My solution during the contest: The prime factorisation of $2020$ is $2020=2^2\cdot5\cdot101$. It's easy to check that $x^2+y^2+z^2\equiv 0\pmod{2^2\cdot5\cdot101}$ implies $xyz\equiv 0\pmod{2^2\cdot5}$. The are at most $101$ $\emph{fans}$ of $2020$. Take the triples $(x,y,z)=(10t,60t,80t)$ for $0\leq t\leq100$. We have \[ x^2+y^2+z^2=100t^2(1^2+6^2+8^2)=2020\cdot5t^2\equiv0\pmod{2020} \]and \[ xyz=10^3\cdot6\cdot8\cdot t^3 \]If $10^3\cdot6\cdot8\cdot t^3\equiv10^3\cdot6\cdot8\cdot t'^3\pmod{2020}$, we have \begin{align*} 10^3\cdot6\cdot8\cdot t^3\equiv10^3\cdot6\cdot8\cdot t'^3\pmod{101}\\ t^3\equiv t'^3\pmod{101}\\ t\equiv t^{201}=(t^3)^{67}\equiv(t'^3)^{67}=t'^{201}\equiv t'\pmod{101} \end{align*}For each $0\leq t\leq100$ the triple $(x,y,z)=(10t,60t,80t)$ gives us a different $\emph{fan}$ of $2020$. Thus $f(2020)=101$.

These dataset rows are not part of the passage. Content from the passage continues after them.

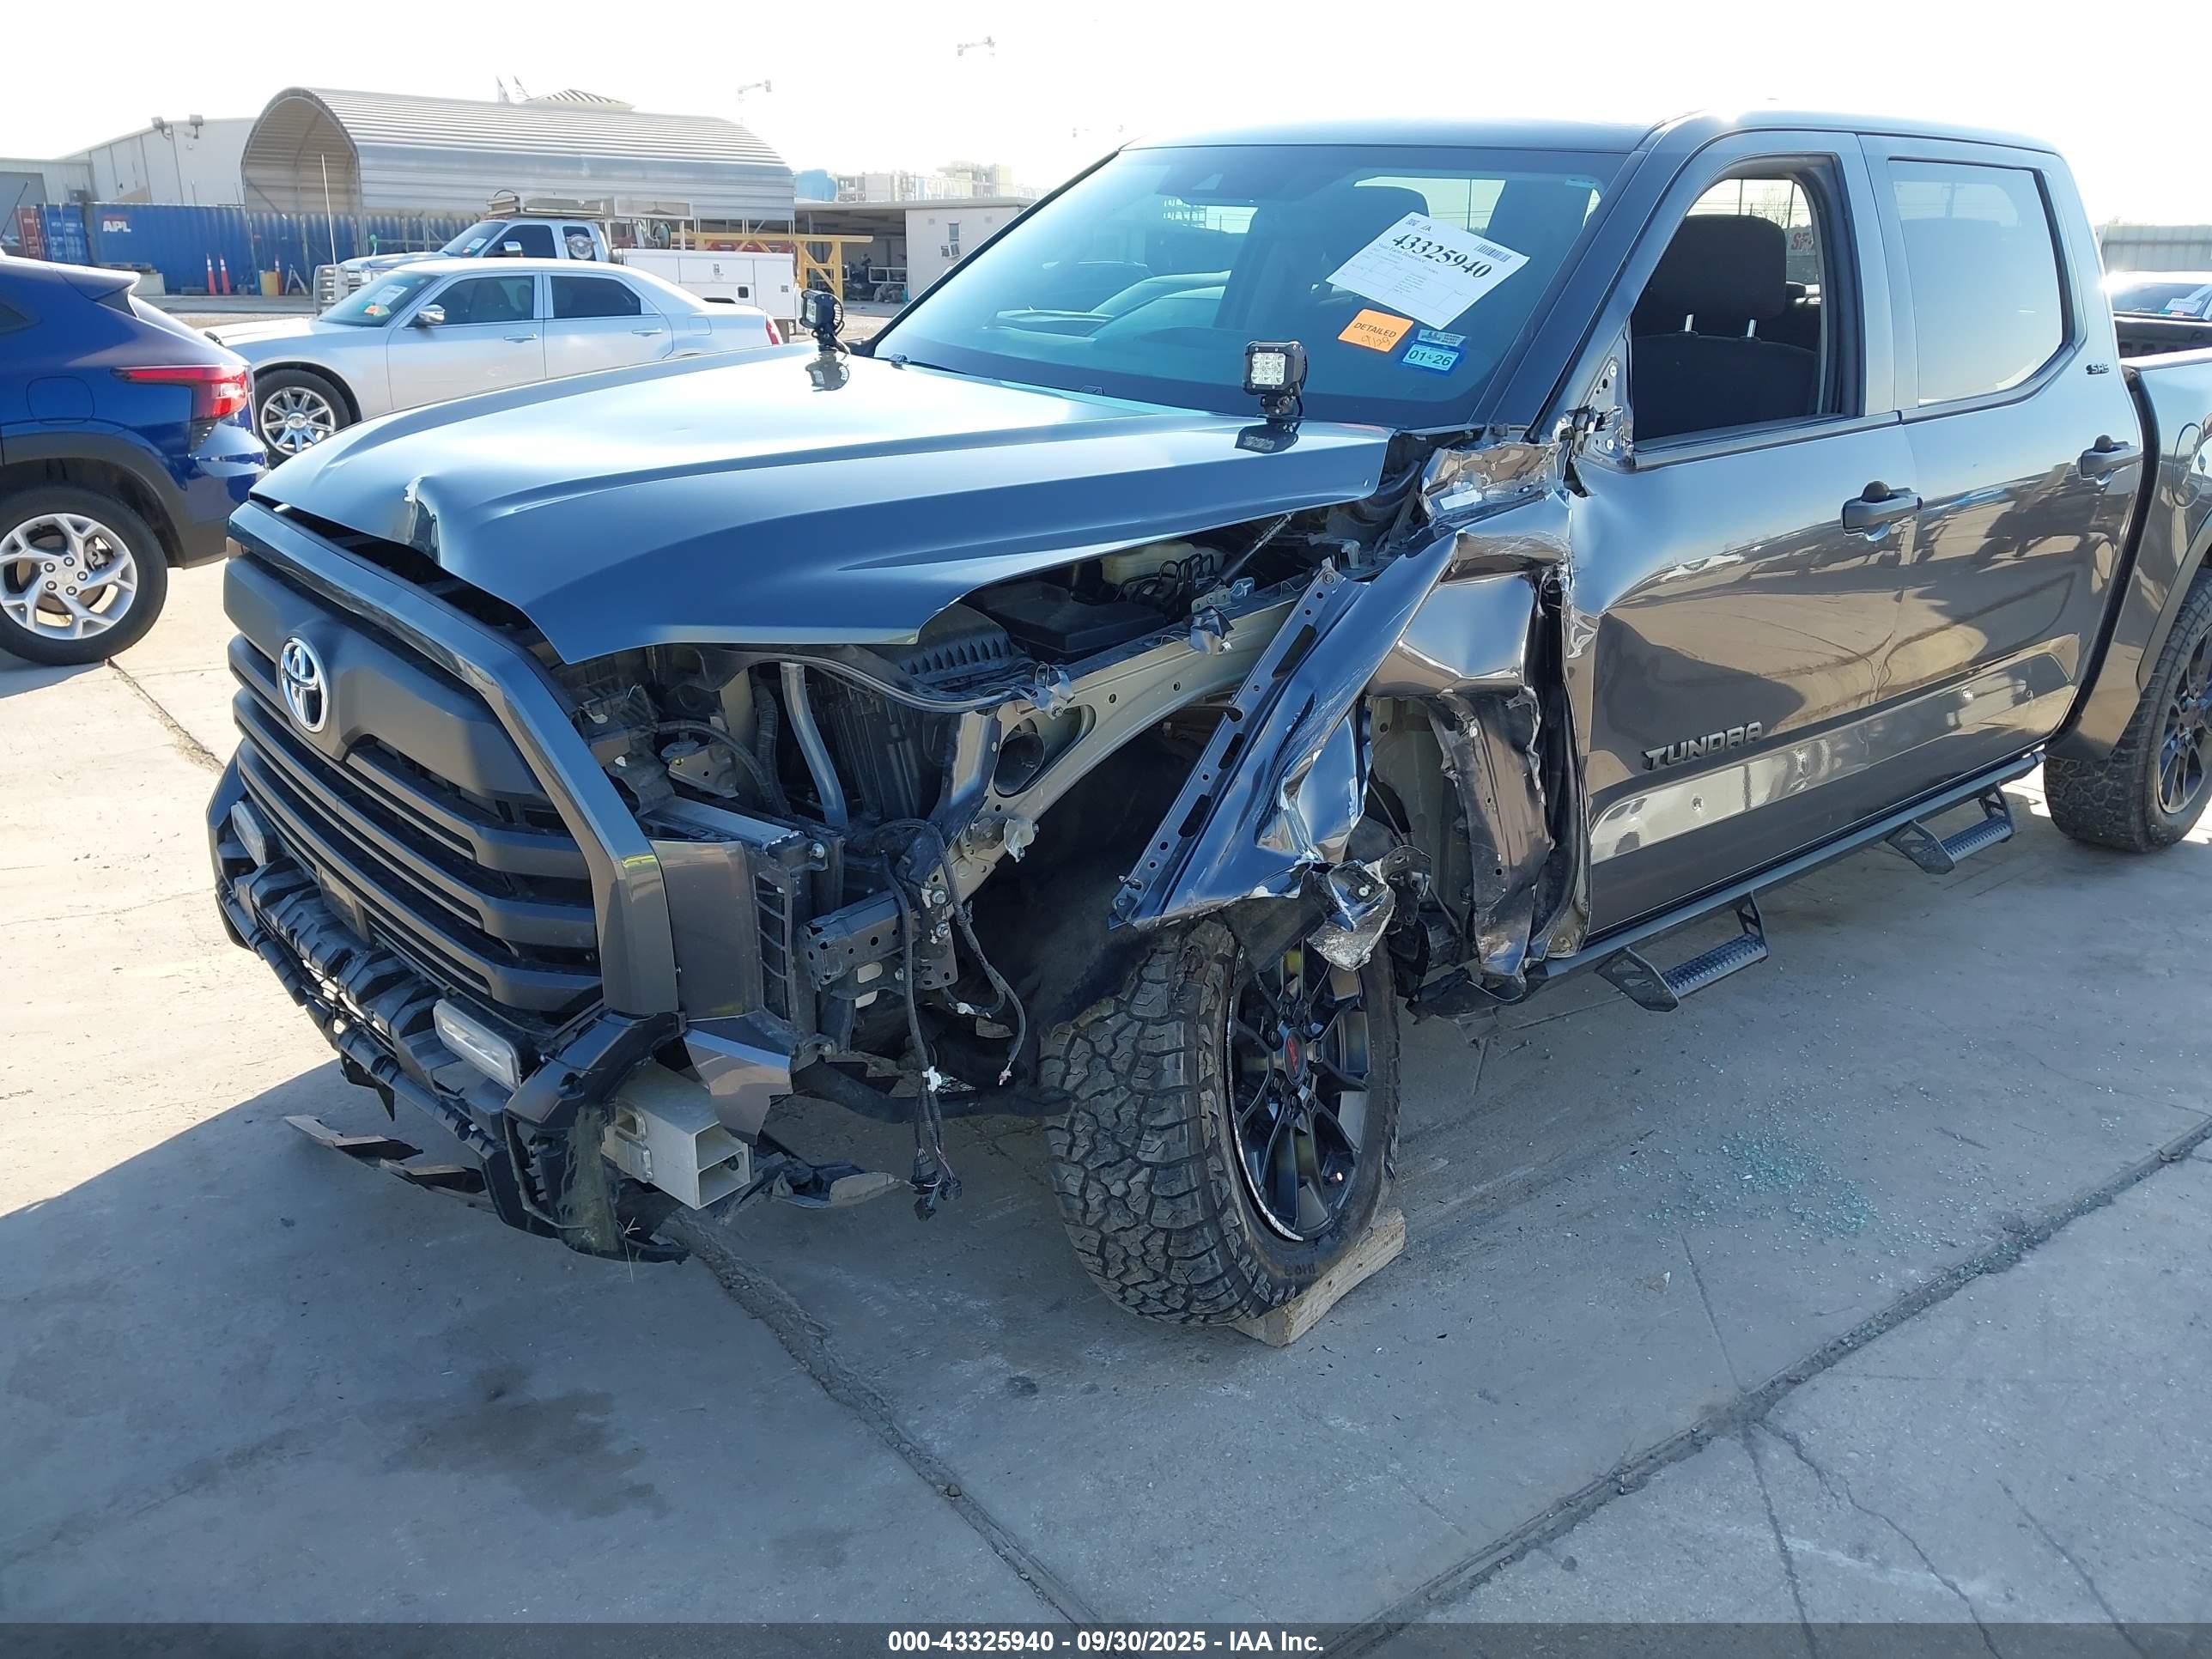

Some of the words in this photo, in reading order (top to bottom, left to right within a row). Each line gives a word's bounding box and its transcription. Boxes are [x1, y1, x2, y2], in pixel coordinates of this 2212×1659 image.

[102, 220, 131, 233] APL
[1392, 234, 1492, 278] 43325940
[1353, 322, 1397, 338] DETAILED
[1408, 349, 1426, 362] 01
[1432, 355, 1453, 367] 26
[1642, 720, 1764, 770] TUNDRA
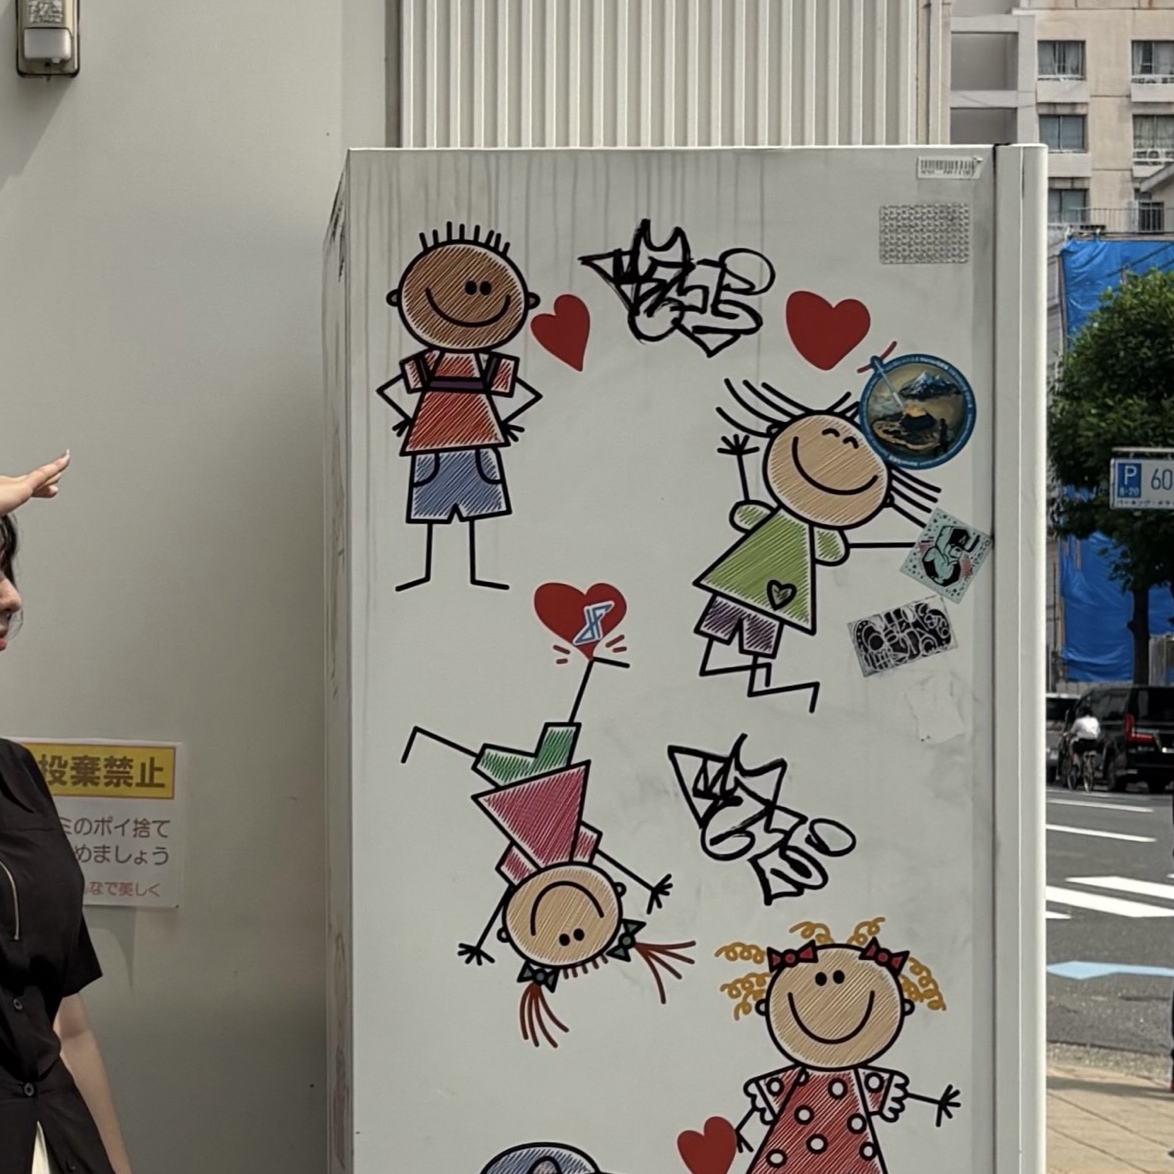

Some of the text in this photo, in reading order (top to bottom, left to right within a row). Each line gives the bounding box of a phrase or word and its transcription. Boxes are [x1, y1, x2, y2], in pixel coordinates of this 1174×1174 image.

[1125, 466, 1137, 485] P
[1151, 469, 1173, 490] 60
[38, 754, 165, 788] 投棄禁止
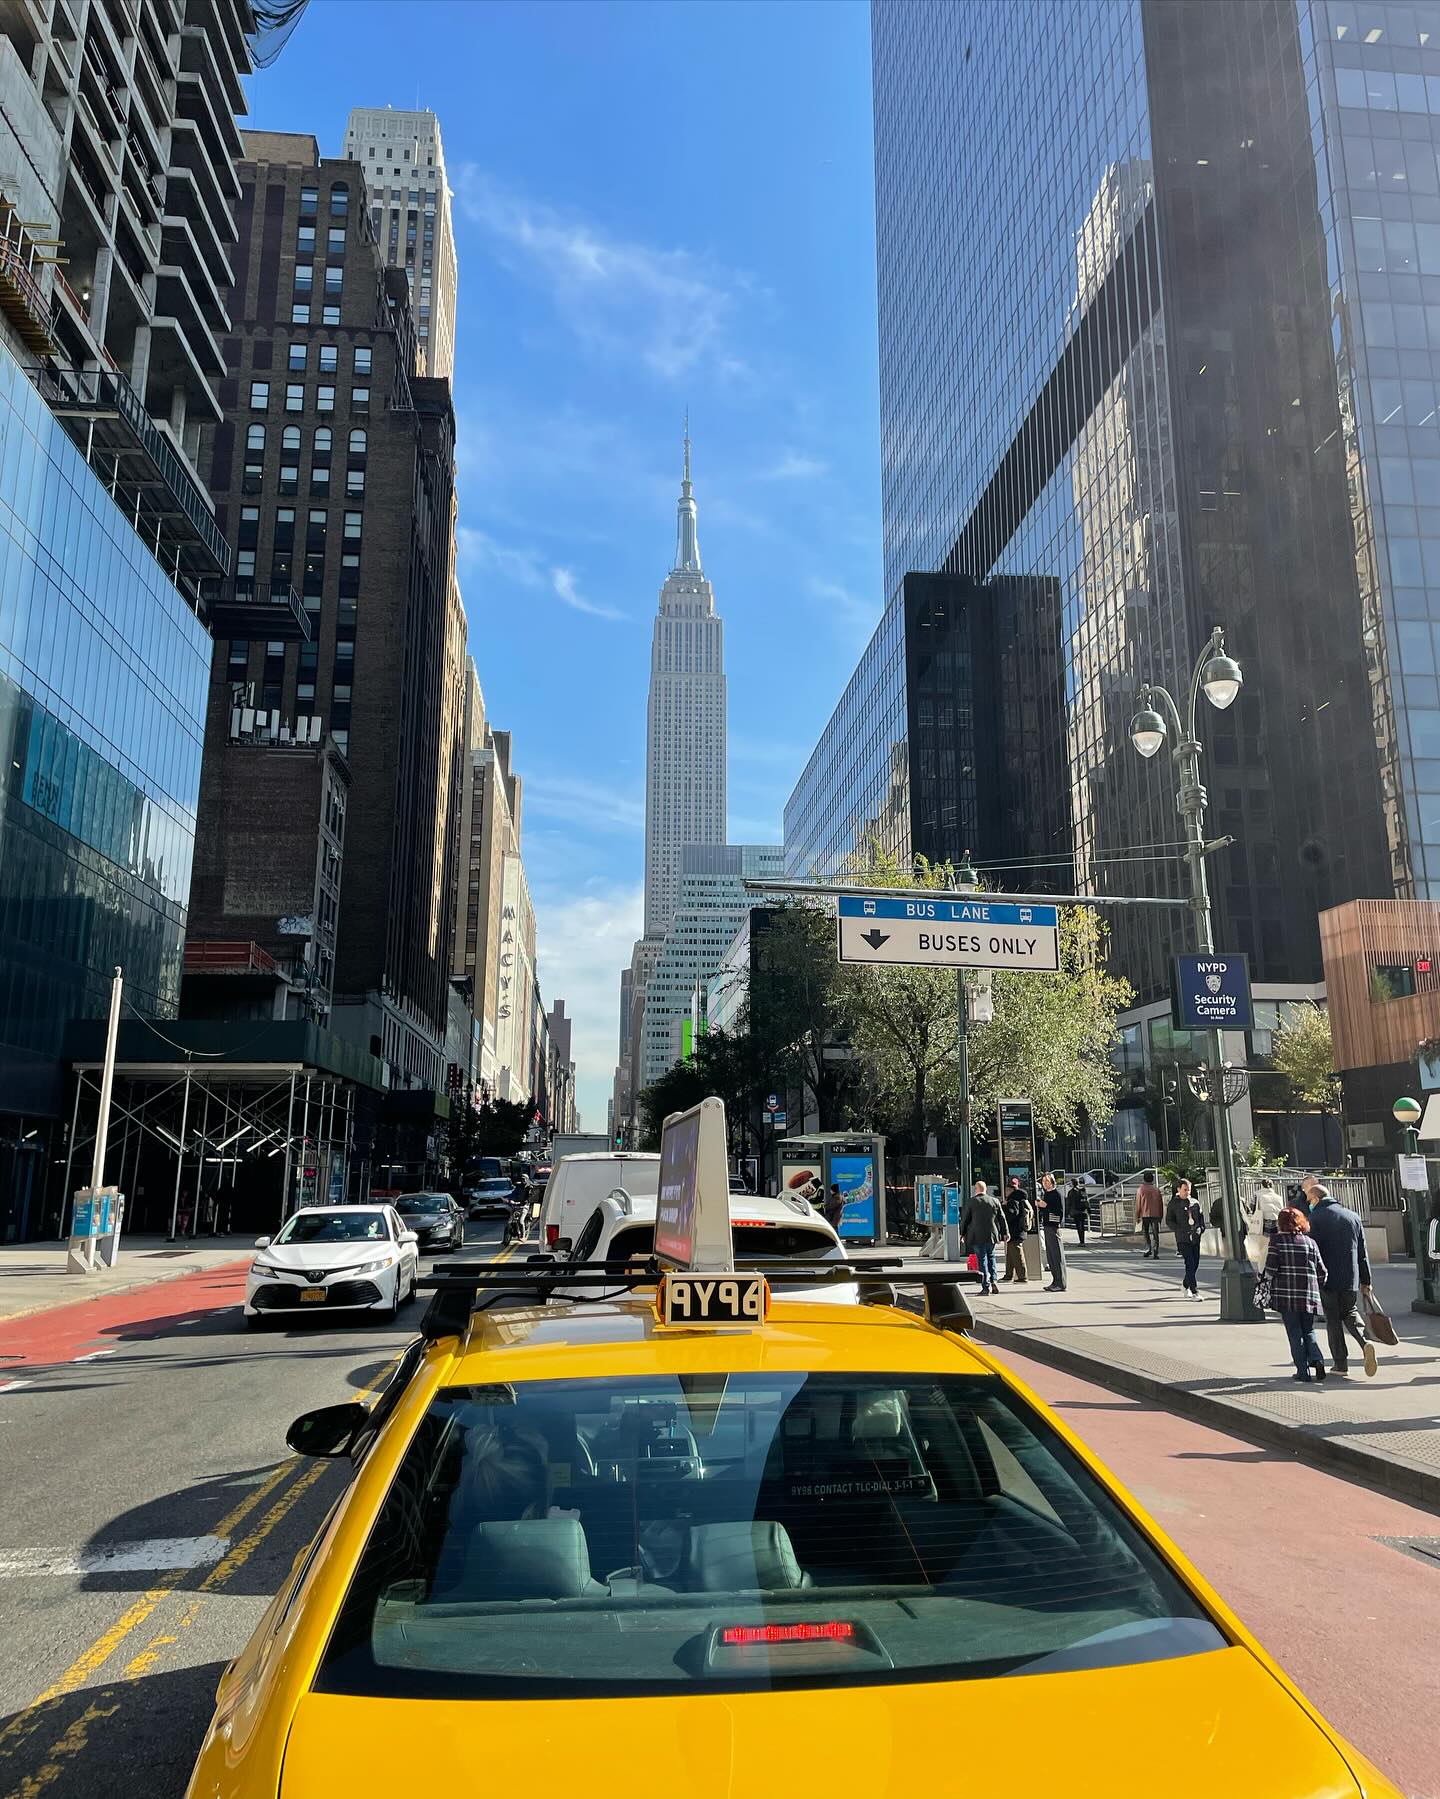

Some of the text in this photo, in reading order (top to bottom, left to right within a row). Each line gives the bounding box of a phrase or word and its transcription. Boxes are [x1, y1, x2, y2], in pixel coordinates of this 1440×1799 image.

If you don't see the tricky factorization above (like myself), you can do the following long but more technical round for $f(101)$. We claim that for every $k\in\mathbb{Z}_{101}$, there is a triple $(x,y,z)$ such that $101\mid x^2+y^2+z^2$ and $xyz\equiv k\pmod{101}$. For $k=0$, this is immediate by taking $x=y=z=0$, hence suppose $k\ne 0$ in the remainder. Our goal is to show, for every $1\le k\le 100$, there exists a $1\le a\le 100$ such that for some $y,z$ the following holds: \[ y^2+z^2\equiv -a^2\pmod{101}\quad\text{and}\quad yz\equiv \frac{k}{a}\pmod{101}. \]Now, since $101\equiv 1\pmod{4}$, $-1$ is a quadratic residue, modulo $101$. Let $u\in\mathbb{Z}_{101}$ be such that $u^2\equiv -1\pmod{101}$, and let $y\equiv t_y\cdot u\cdot a\pmod{101}$ and $z\equiv t_z\cdot u\cdot a\pmod{101}$. Note that if such a $t_y,t_z$ can be found, one can also find $y,z$ and conclude the case. Now, in terms of these objects, it suffices to show there exists $a$ such that the following holds for some $t_y,t_z$: \[ t_y^2+t_z^2\equiv 1\pmod{101}\quad\text{and}\quad t_yt_z\equiv -\frac{k}{a^3}\pmod{101}. \]Since $101\equiv 2\pmod{3}$, it follows $a\mapsto -\frac{1}{a^3}\pmod{101}$ is injective, except $a\ne 0$. Hence, it suffices to show, there exists an $a'$ for which for some $t_y,t_z$ it holds: \[ t_y^2+t_z^2\equiv 1\pmod{101}\quad\text{and}\quad t_yt_z\equiv a'k\pmod{101}. \]Observing $t_y^2+t_z^2+2t_yt_z=\left(t_y+t_z\right)^2$ and $t_y^2+t_z^2-2t_yt_z=\left(t_y-t_z\right)^2$, it suffices to show for some $a'$, the objects \[ 1+2a'k \quad\text{and}\quad 1-2a'k \]are both quadratic residues, modulo $p$. Now, we observe that both $6$ and $-4$ are quadratic residues, modulo $101$. Hence, setting $2a'k\equiv 5\pmod{101}$ works. Namely, for any {\bf fixed} $k$, taking \[ a'\equiv \frac{5}{2k}\pmod{101} \]works. Hence, the claim is complete, and that, $f(101)=101$. Remark. I am fairly confident that a reverse engineering of what I did above gives (something very similar to) the slick solution above.

İt's like $x^2=(2^2)*5*a$ $y^2=(2^2)*5*b$ $z^2=(2^2)*5*c$ And $a+b+c=101$ also they're squares of some integers. We can easily have the answer with these.